*Recorded data:*
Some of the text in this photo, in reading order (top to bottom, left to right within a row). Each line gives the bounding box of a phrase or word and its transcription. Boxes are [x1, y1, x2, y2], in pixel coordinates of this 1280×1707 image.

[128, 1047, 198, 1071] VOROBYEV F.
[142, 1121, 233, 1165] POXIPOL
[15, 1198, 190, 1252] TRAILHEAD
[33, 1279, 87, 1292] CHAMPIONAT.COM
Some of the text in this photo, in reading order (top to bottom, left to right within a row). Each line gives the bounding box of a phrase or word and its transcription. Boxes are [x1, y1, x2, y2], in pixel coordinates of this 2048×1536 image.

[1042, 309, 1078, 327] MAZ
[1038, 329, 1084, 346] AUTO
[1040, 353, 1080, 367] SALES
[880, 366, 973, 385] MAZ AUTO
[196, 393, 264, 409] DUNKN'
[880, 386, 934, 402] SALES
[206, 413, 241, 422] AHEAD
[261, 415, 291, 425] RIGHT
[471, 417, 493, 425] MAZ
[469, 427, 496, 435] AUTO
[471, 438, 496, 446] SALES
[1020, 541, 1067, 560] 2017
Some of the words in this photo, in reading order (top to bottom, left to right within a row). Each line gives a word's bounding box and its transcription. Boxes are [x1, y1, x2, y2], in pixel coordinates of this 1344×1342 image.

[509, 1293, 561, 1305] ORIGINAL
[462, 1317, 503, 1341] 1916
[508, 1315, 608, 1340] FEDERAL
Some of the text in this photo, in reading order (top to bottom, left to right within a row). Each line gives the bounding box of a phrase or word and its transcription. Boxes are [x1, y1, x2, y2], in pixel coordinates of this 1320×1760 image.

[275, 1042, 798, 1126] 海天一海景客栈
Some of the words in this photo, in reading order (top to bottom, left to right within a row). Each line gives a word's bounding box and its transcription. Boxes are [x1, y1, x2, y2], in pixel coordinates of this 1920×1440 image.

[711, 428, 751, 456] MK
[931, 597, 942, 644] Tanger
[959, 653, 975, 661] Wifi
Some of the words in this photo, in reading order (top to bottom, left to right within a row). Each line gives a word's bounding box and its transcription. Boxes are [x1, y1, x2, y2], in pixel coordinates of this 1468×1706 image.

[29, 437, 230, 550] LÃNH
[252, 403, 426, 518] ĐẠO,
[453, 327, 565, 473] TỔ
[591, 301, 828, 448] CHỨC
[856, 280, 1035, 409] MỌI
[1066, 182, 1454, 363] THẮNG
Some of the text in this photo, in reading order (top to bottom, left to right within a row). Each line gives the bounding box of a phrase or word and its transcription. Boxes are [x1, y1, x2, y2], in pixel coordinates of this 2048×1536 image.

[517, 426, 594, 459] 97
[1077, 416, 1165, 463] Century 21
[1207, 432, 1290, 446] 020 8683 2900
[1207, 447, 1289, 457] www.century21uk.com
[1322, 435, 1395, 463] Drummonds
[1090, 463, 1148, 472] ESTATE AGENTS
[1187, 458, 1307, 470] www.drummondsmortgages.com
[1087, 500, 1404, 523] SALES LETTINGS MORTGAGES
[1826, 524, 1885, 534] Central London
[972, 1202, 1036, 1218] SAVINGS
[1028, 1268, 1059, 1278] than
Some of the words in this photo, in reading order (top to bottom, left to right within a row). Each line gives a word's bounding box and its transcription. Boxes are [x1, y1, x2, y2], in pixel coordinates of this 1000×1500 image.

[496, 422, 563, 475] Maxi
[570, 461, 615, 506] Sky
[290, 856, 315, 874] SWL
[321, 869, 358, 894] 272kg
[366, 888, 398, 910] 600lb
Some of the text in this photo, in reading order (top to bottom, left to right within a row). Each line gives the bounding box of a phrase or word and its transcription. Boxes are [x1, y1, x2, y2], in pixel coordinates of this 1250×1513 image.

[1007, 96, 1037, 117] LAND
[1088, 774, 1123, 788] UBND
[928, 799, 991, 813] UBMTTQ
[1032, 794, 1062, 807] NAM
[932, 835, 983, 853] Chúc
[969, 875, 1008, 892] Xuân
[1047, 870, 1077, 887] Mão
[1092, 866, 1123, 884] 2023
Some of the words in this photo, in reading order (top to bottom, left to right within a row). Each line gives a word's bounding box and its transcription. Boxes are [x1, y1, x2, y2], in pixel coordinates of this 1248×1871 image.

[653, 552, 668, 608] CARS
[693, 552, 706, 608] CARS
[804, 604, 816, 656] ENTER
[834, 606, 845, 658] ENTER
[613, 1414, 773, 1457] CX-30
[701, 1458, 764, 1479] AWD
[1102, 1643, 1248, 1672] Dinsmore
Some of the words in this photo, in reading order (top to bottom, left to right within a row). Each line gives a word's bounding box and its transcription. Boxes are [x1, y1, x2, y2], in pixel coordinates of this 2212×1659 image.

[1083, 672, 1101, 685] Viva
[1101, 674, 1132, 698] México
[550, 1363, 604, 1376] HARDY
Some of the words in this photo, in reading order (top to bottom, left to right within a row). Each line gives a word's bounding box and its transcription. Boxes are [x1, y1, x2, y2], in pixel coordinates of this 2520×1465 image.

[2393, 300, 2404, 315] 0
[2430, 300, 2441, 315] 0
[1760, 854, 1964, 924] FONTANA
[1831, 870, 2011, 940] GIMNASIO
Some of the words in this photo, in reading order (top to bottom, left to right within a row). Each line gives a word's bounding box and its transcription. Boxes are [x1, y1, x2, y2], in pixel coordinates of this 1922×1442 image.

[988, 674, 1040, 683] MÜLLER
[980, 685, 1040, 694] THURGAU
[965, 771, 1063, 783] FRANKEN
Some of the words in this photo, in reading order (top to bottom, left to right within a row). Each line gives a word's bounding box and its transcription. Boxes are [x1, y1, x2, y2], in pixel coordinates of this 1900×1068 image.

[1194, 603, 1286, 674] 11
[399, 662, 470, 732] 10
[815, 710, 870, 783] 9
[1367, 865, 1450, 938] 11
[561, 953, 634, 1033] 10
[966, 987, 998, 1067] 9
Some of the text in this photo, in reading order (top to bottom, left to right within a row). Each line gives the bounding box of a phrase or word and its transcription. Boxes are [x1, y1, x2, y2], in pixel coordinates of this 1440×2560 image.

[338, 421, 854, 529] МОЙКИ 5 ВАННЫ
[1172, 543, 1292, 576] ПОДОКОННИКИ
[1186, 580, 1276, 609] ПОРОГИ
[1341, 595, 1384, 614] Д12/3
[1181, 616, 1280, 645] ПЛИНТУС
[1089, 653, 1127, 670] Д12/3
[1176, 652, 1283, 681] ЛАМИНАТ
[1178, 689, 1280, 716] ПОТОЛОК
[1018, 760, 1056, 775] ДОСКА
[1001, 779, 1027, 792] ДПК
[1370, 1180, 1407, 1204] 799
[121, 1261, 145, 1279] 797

*Prompt:*
Your task is to copy every record exactly.

*Expected answer:*
Some of the text in this photo, in reading order (top to bottom, left to right within a row). Each line gives the bounding box of a phrase or word and its transcription. Boxes are [x1, y1, x2, y2], in pixel coordinates of this 1280×1707 image.

[128, 1047, 198, 1071] VOROBYEV F.
[142, 1121, 233, 1165] POXIPOL
[15, 1198, 190, 1252] TRAILHEAD
[33, 1279, 87, 1292] CHAMPIONAT.COM
Some of the text in this photo, in reading order (top to bottom, left to right within a row). Each line gives the bounding box of a phrase or word and its transcription. Boxes are [x1, y1, x2, y2], in pixel coordinates of this 2048×1536 image.

[1042, 309, 1078, 327] MAZ
[1038, 329, 1084, 346] AUTO
[1040, 353, 1080, 367] SALES
[880, 366, 973, 385] MAZ AUTO
[196, 393, 264, 409] DUNKN'
[880, 386, 934, 402] SALES
[206, 413, 241, 422] AHEAD
[261, 415, 291, 425] RIGHT
[471, 417, 493, 425] MAZ
[469, 427, 496, 435] AUTO
[471, 438, 496, 446] SALES
[1020, 541, 1067, 560] 2017
Some of the words in this photo, in reading order (top to bottom, left to right within a row). Each line gives a word's bounding box and its transcription. Boxes are [x1, y1, x2, y2], in pixel coordinates of this 1344×1342 image.

[509, 1293, 561, 1305] ORIGINAL
[462, 1317, 503, 1341] 1916
[508, 1315, 608, 1340] FEDERAL
Some of the text in this photo, in reading order (top to bottom, left to right within a row). Each line gives the bounding box of a phrase or word and its transcription. Boxes are [x1, y1, x2, y2], in pixel coordinates of this 1320×1760 image.

[275, 1042, 798, 1126] 海天一海景客栈
Some of the words in this photo, in reading order (top to bottom, left to right within a row). Each line gives a word's bounding box and its transcription. Boxes are [x1, y1, x2, y2], in pixel coordinates of this 1920×1440 image.

[711, 428, 751, 456] MK
[931, 597, 942, 644] Tanger
[959, 653, 975, 661] Wifi
Some of the words in this photo, in reading order (top to bottom, left to right within a row). Each line gives a word's bounding box and its transcription. Boxes are [x1, y1, x2, y2], in pixel coordinates of this 1468×1706 image.

[29, 437, 230, 550] LÃNH
[252, 403, 426, 518] ĐẠO,
[453, 327, 565, 473] TỔ
[591, 301, 828, 448] CHỨC
[856, 280, 1035, 409] MỌI
[1066, 182, 1454, 363] THẮNG
Some of the text in this photo, in reading order (top to bottom, left to right within a row). Each line gives the bounding box of a phrase or word and its transcription. Boxes are [x1, y1, x2, y2], in pixel coordinates of this 2048×1536 image.

[517, 426, 594, 459] 97
[1077, 416, 1165, 463] Century 21
[1207, 432, 1290, 446] 020 8683 2900
[1207, 447, 1289, 457] www.century21uk.com
[1322, 435, 1395, 463] Drummonds
[1090, 463, 1148, 472] ESTATE AGENTS
[1187, 458, 1307, 470] www.drummondsmortgages.com
[1087, 500, 1404, 523] SALES LETTINGS MORTGAGES
[1826, 524, 1885, 534] Central London
[972, 1202, 1036, 1218] SAVINGS
[1028, 1268, 1059, 1278] than
Some of the words in this photo, in reading order (top to bottom, left to right within a row). Each line gives a word's bounding box and its transcription. Boxes are [x1, y1, x2, y2], in pixel coordinates of this 1000×1500 image.

[496, 422, 563, 475] Maxi
[570, 461, 615, 506] Sky
[290, 856, 315, 874] SWL
[321, 869, 358, 894] 272kg
[366, 888, 398, 910] 600lb
Some of the text in this photo, in reading order (top to bottom, left to right within a row). Each line gives the bounding box of a phrase or word and its transcription. Boxes are [x1, y1, x2, y2], in pixel coordinates of this 1250×1513 image.

[1007, 96, 1037, 117] LAND
[1088, 774, 1123, 788] UBND
[928, 799, 991, 813] UBMTTQ
[1032, 794, 1062, 807] NAM
[932, 835, 983, 853] Chúc
[969, 875, 1008, 892] Xuân
[1047, 870, 1077, 887] Mão
[1092, 866, 1123, 884] 2023
Some of the words in this photo, in reading order (top to bottom, left to right within a row). Each line gives a word's bounding box and its transcription. Boxes are [x1, y1, x2, y2], in pixel coordinates of this 1248×1871 image.

[653, 552, 668, 608] CARS
[693, 552, 706, 608] CARS
[804, 604, 816, 656] ENTER
[834, 606, 845, 658] ENTER
[613, 1414, 773, 1457] CX-30
[701, 1458, 764, 1479] AWD
[1102, 1643, 1248, 1672] Dinsmore
Some of the words in this photo, in reading order (top to bottom, left to right within a row). Each line gives a word's bounding box and its transcription. Boxes are [x1, y1, x2, y2], in pixel coordinates of this 2212×1659 image.

[1083, 672, 1101, 685] Viva
[1101, 674, 1132, 698] México
[550, 1363, 604, 1376] HARDY
Some of the words in this photo, in reading order (top to bottom, left to right within a row). Each line gives a word's bounding box and its transcription. Boxes are [x1, y1, x2, y2], in pixel coordinates of this 2520×1465 image.

[2393, 300, 2404, 315] 0
[2430, 300, 2441, 315] 0
[1760, 854, 1964, 924] FONTANA
[1831, 870, 2011, 940] GIMNASIO
Some of the words in this photo, in reading order (top to bottom, left to right within a row). Each line gives a word's bounding box and its transcription. Boxes are [x1, y1, x2, y2], in pixel coordinates of this 1922×1442 image.

[988, 674, 1040, 683] MÜLLER
[980, 685, 1040, 694] THURGAU
[965, 771, 1063, 783] FRANKEN
Some of the words in this photo, in reading order (top to bottom, left to right within a row). Each line gives a word's bounding box and its transcription. Boxes are [x1, y1, x2, y2], in pixel coordinates of this 1900×1068 image.

[1194, 603, 1286, 674] 11
[399, 662, 470, 732] 10
[815, 710, 870, 783] 9
[1367, 865, 1450, 938] 11
[561, 953, 634, 1033] 10
[966, 987, 998, 1067] 9
Some of the text in this photo, in reading order (top to bottom, left to right within a row). Each line gives the bounding box of a phrase or word and its transcription. Boxes are [x1, y1, x2, y2], in pixel coordinates of this 1440×2560 image.

[338, 421, 854, 529] МОЙКИ 5 ВАННЫ
[1172, 543, 1292, 576] ПОДОКОННИКИ
[1186, 580, 1276, 609] ПОРОГИ
[1341, 595, 1384, 614] Д12/3
[1181, 616, 1280, 645] ПЛИНТУС
[1089, 653, 1127, 670] Д12/3
[1176, 652, 1283, 681] ЛАМИНАТ
[1178, 689, 1280, 716] ПОТОЛОК
[1018, 760, 1056, 775] ДОСКА
[1001, 779, 1027, 792] ДПК
[1370, 1180, 1407, 1204] 799
[121, 1261, 145, 1279] 797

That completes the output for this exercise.